[Saved data entries]
- - -

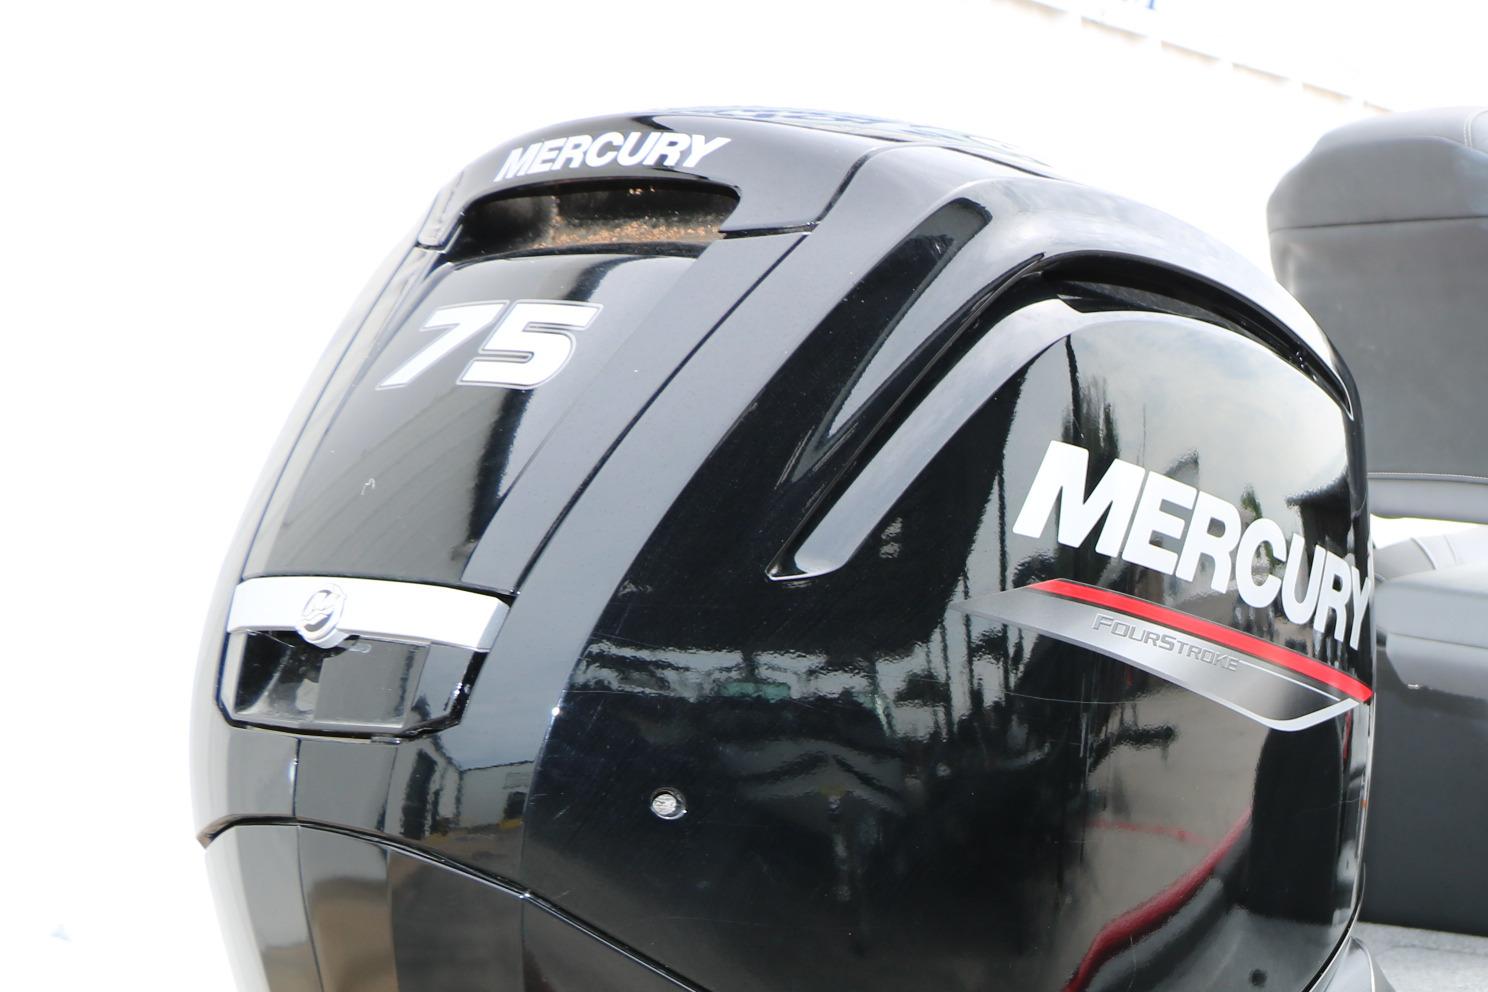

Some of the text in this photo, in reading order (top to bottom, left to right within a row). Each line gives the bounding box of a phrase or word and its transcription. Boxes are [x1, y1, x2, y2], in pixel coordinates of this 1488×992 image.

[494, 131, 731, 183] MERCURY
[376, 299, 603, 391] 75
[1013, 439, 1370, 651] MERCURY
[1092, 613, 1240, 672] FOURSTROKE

- - -

◆ What to do: Leave out the pictures and output every record above precisely as given.

◆ Answer to this exercise:
Some of the text in this photo, in reading order (top to bottom, left to right within a row). Each line gives the bounding box of a phrase or word and its transcription. Boxes are [x1, y1, x2, y2], in pixel coordinates of this 1488×992 image.

[494, 131, 731, 183] MERCURY
[376, 299, 603, 391] 75
[1013, 439, 1370, 651] MERCURY
[1092, 613, 1240, 672] FOURSTROKE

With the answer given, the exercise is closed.